A simple and rapid procedure for the purification of phenobarbital-inducible cytochrome P-450 from rat liver microsomes.

A rapid and simple procedure has been developed for the purification of a phenobarbital-inducible form of cytochrome P-450 from the liver microsomes of phenobarbitalpretreated rats. Within 2 days approximately 1000–1500 nmol of highly purified cytochrome P-450 with a specific content of 16 nmol/mg protein can be recovered from 4 g of microsomal protein. The procedure consists of solubilization of microsomal protein with sodium cholate, fractionation with polyethylene glycol, and column chromatography at room temperature on DEAE-cellulose.
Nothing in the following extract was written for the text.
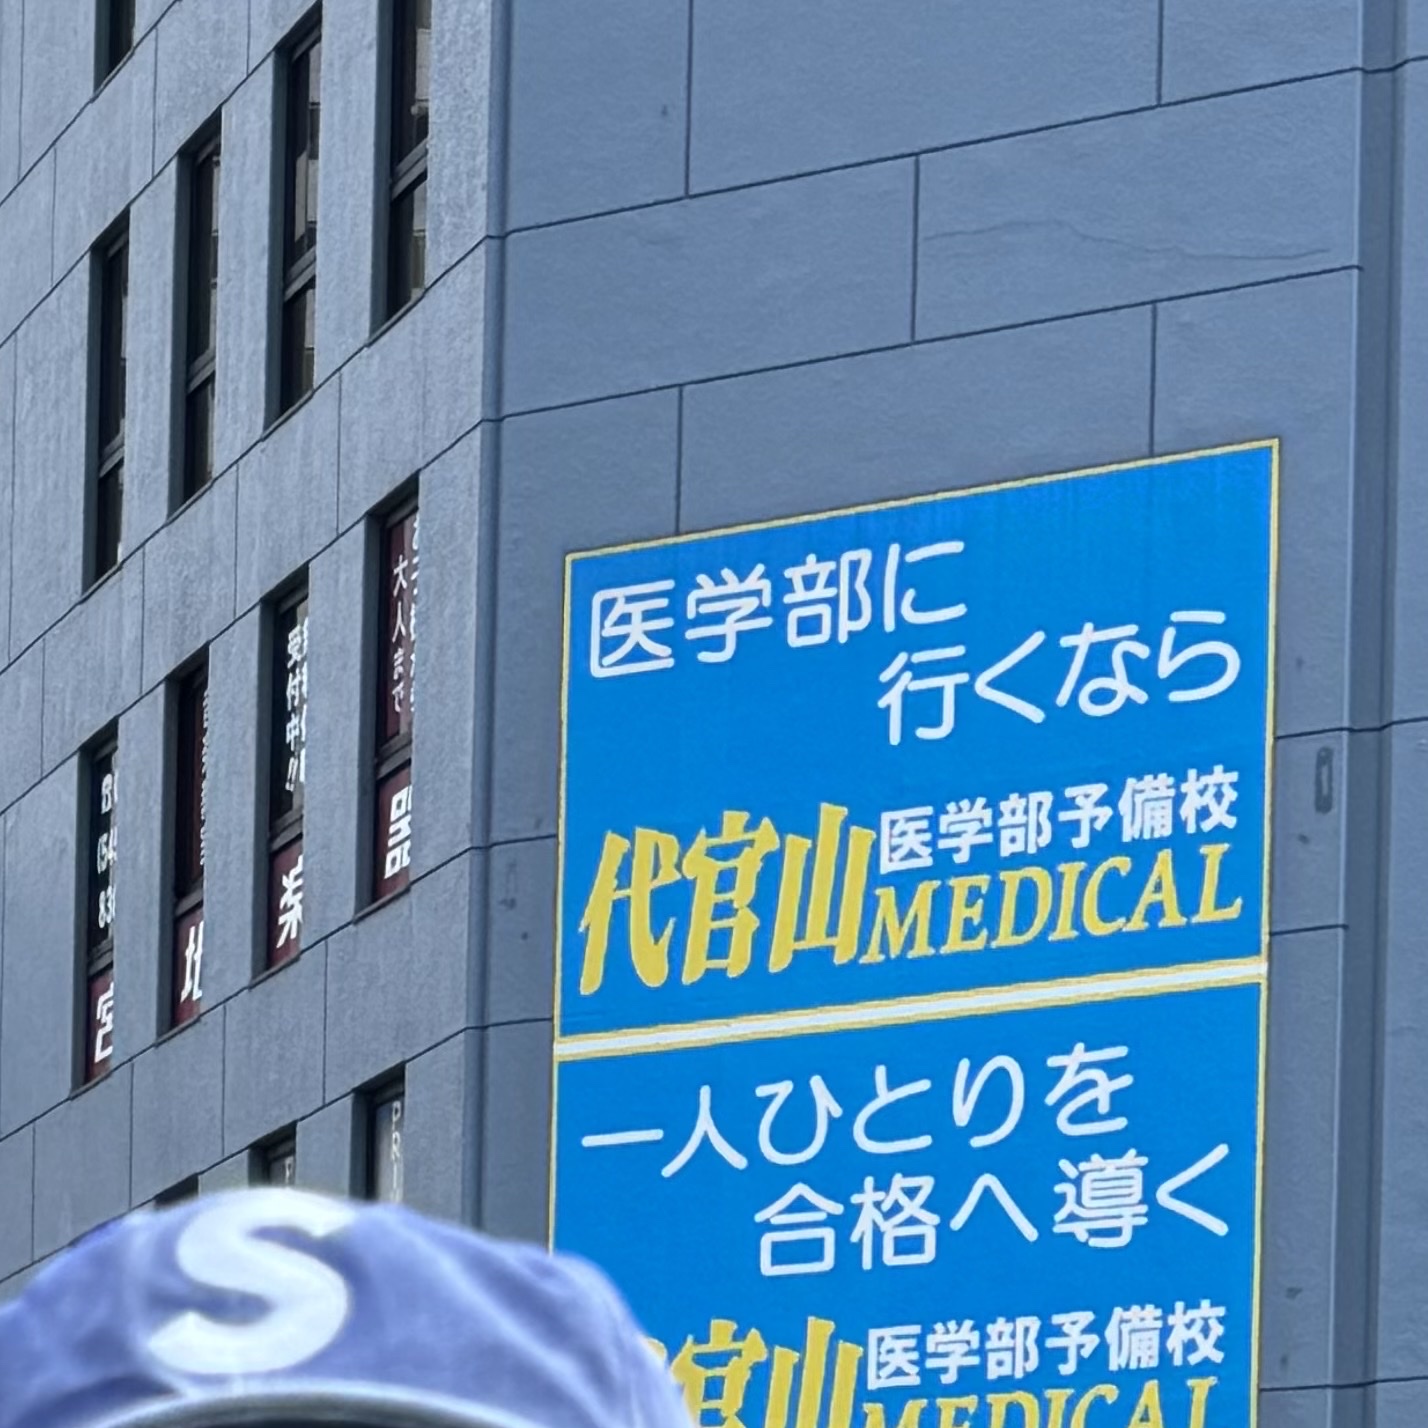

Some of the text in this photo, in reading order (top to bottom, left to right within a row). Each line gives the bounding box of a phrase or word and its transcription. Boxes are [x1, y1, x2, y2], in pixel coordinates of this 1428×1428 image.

The resulting DEAE-cellulose fraction electrophoreses on polyacrylamide gels in the presence of sodium dodecyl sulfate as a major protein band with a minimum molecular weight of 52,000 and a few faint bands. Further chromatography on QAE Sephadex A-25 essentially removes these faint bands and increases the specific content slightly to 17 nmol/mg protein. Relatively low amounts of this form of cytochrome P-450 appear to be present in microsomes of untreated rats since less than 1% can be recovered as the DEAE-cellulose fraction by this procedure. An identical form is inducible by phenobarbital in rats of different ages and sex. In a reconstituted system under optimal assay conditions, this form of cytochrome P-450 catalyses the N-demethylation of benzphetamine with a turnover number greater than 100 and hydroxylates testosterone at the 16α position but not at the 6β or 7α position.